(Dataset entries Opens)

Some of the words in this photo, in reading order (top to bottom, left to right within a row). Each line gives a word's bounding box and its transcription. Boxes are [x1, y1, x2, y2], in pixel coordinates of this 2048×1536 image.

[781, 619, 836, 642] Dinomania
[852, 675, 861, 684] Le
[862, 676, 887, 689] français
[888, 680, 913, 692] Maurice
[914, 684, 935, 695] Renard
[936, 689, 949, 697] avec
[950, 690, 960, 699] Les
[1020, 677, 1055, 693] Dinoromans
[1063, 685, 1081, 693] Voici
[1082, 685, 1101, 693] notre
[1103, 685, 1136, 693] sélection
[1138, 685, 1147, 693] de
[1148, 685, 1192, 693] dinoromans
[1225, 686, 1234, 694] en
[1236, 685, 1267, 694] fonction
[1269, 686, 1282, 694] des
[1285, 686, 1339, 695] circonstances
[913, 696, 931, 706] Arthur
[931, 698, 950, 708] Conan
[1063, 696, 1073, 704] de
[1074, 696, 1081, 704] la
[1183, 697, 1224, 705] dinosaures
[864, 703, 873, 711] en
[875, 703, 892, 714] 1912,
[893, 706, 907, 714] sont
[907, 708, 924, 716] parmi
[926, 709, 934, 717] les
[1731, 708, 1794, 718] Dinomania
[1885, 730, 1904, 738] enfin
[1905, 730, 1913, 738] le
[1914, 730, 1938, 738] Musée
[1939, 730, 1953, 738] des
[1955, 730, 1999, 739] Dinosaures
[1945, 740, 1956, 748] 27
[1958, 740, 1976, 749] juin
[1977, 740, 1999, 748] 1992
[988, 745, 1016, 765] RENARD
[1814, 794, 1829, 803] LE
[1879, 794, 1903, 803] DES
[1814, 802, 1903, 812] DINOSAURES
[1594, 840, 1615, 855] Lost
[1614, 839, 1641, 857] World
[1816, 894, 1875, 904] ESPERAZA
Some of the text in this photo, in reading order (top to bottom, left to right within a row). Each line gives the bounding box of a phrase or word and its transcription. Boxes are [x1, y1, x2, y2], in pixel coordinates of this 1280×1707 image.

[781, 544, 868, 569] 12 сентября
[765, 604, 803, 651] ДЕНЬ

(Dataset entries Closes)

Restate word for word each line of the data from the one with "Some of the text" to the last, keeping both ends.

Some of the text in this photo, in reading order (top to bottom, left to right within a row). Each line gives the bounding box of a phrase or word and its transcription. Boxes are [x1, y1, x2, y2], in pixel coordinates of this 1280×1707 image.

[781, 544, 868, 569] 12 сентября
[765, 604, 803, 651] ДЕНЬ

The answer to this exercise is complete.